Use adequate magnification with a magnifying loupe, ideally those with an inbuilt light source. Use local anaesthetic (e.g. benoxinate HCl).
Attempt removal of the foreign body (FB) by using a sterile cotton bud, lightly moistened with a drop of local anaesthetic, to gently lift it off.
Use a sterile, disposable needle (25- or 23-gauge) with a small syringe attached to steady the needle. It is best to bend the end of the needle so that it forms a scoop.
Hold the unit with a pen grip and keep the bevel upwards. Introduce the needle horizontally so that the tip lifts the edge of the FB (Fig. 14.3a).

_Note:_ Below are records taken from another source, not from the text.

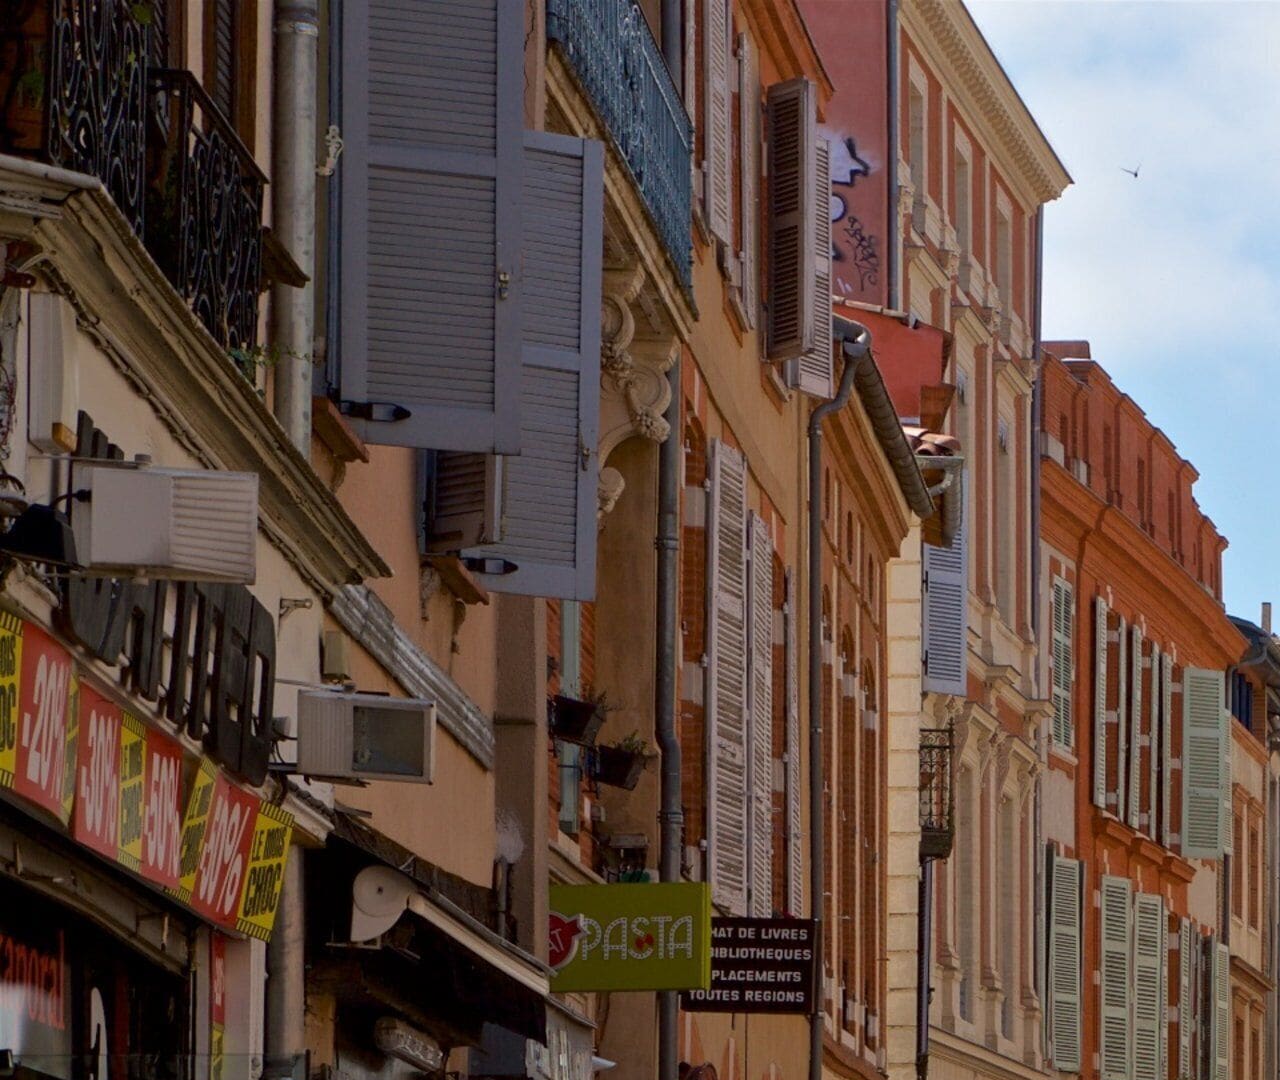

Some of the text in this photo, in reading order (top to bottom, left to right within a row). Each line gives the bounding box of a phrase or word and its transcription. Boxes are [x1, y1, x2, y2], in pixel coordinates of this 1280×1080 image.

[22, 653, 70, 801] -20%
[81, 709, 118, 847] -30%
[144, 752, 181, 878] -50%
[252, 829, 266, 862] LE
[243, 862, 282, 918] CHOC
[582, 915, 693, 961] PASTA
[738, 927, 755, 939] DE
[761, 928, 808, 940] LIVRES
[709, 947, 812, 960] BIBLIOTHEQUES
[711, 969, 801, 982] PLACEMENTS
[689, 990, 805, 1002] TOUTES REGIONS
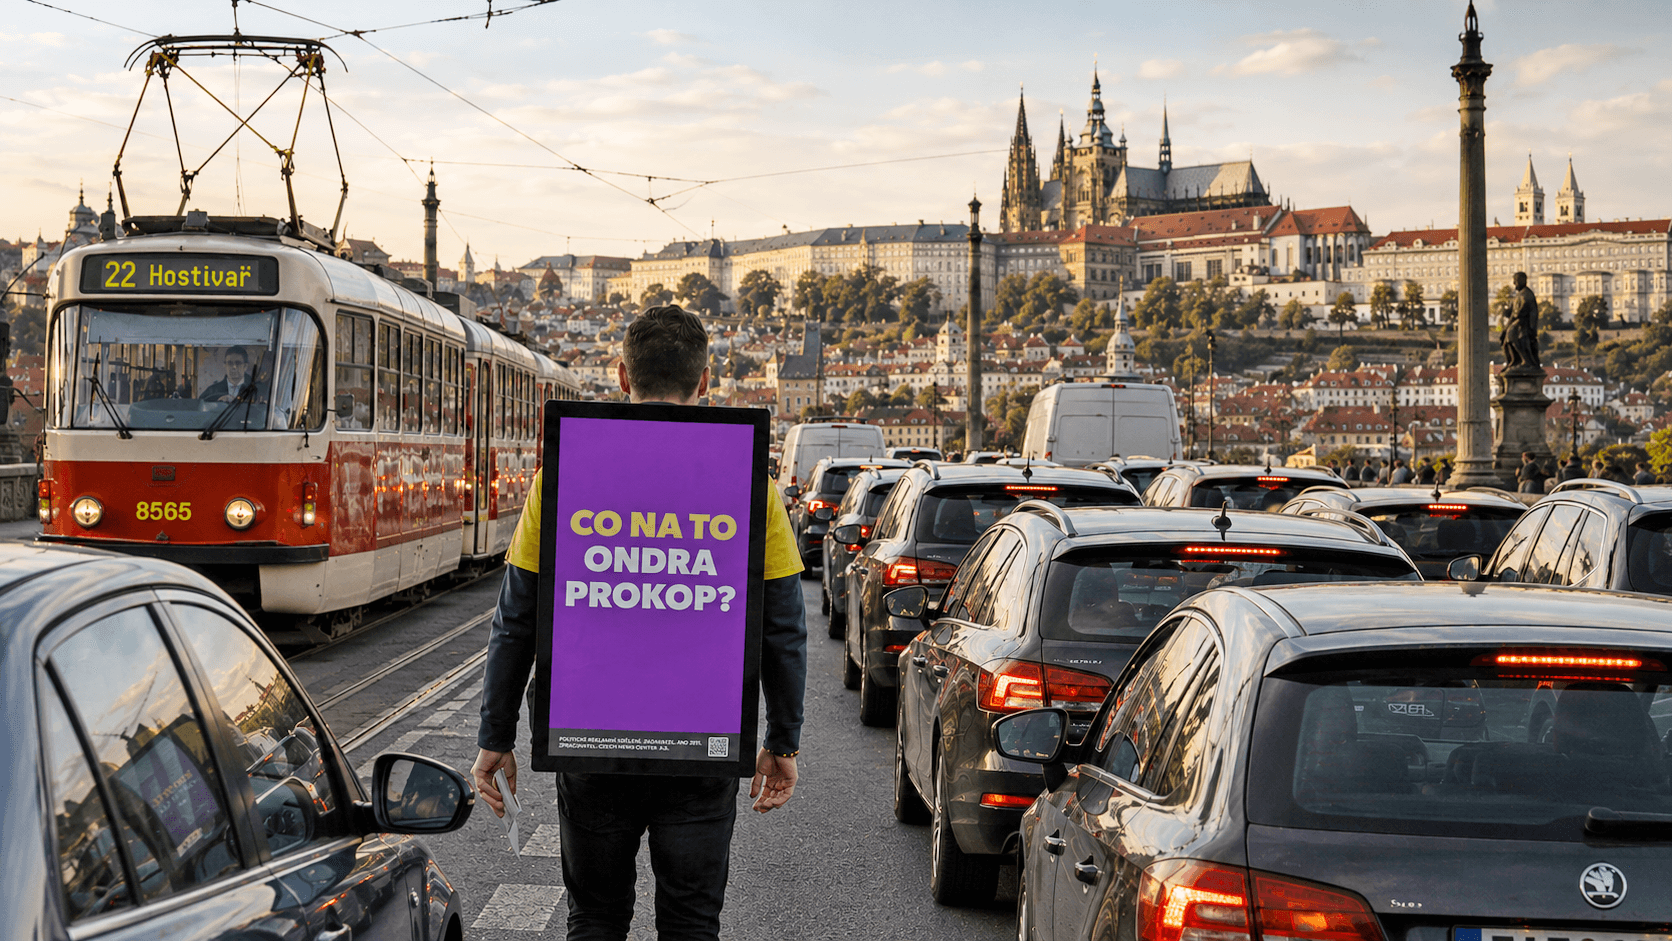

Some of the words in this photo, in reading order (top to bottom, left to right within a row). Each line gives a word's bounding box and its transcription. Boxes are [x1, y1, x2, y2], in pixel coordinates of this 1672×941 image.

[105, 261, 136, 287] 22
[136, 501, 192, 520] 8565
[570, 509, 622, 536] CO
[630, 512, 683, 538] NA
[689, 514, 737, 540] TO
[584, 546, 717, 576] ONDRA
[565, 581, 736, 612] PROKOP?

Removal of foreign body: (a) disposable needle steadied with syringe using a horizontal approach; (b) dental burr rotated once, using a direct vertical approach
The needle can lift loosely bound rust.
A sterile dental burr can be used. The burr, which is applied vertically, should be rotated gently once and then the cornea inspected after each rotation (Fig. 14.3b). This should not be attempted on deep rust or central FBs.

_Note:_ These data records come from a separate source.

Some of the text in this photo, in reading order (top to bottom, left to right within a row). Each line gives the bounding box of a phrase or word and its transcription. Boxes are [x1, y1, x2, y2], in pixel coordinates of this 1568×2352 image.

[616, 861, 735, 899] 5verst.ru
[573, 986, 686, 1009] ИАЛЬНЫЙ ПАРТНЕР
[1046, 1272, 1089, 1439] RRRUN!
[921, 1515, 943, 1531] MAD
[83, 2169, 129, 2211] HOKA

An ‘automatic’ safety burr can be used.
Assessing the depth of injury—Seidal test
This test can evaluate suspected global rupture but a slit lamp with a cobalt blue filter is ideal. Apply 2% fluorescein eye drops and observe to see if the dye is diluted by leaking aqueous fluid. The ruptured area stains weakly while bright green concentrated dye surrounds the leak site.
Instil antibiotic drops and pad the eye for 30 minutes only. Review at 24 hours. Inspect and stain the cornea with fluorescein. Continue to instil antibiotic drops 3 times a day for 3 days. (Drops are preferable to ointment.)
Do not give LA for pain relief.
Refer deep rust stains to experts.
Never forcibly rub the cornea.
Do not use corticosteroids on the eye initially.
Get patients to wait until LA wears off (about 20 minutes). They should drive home without an eye pad.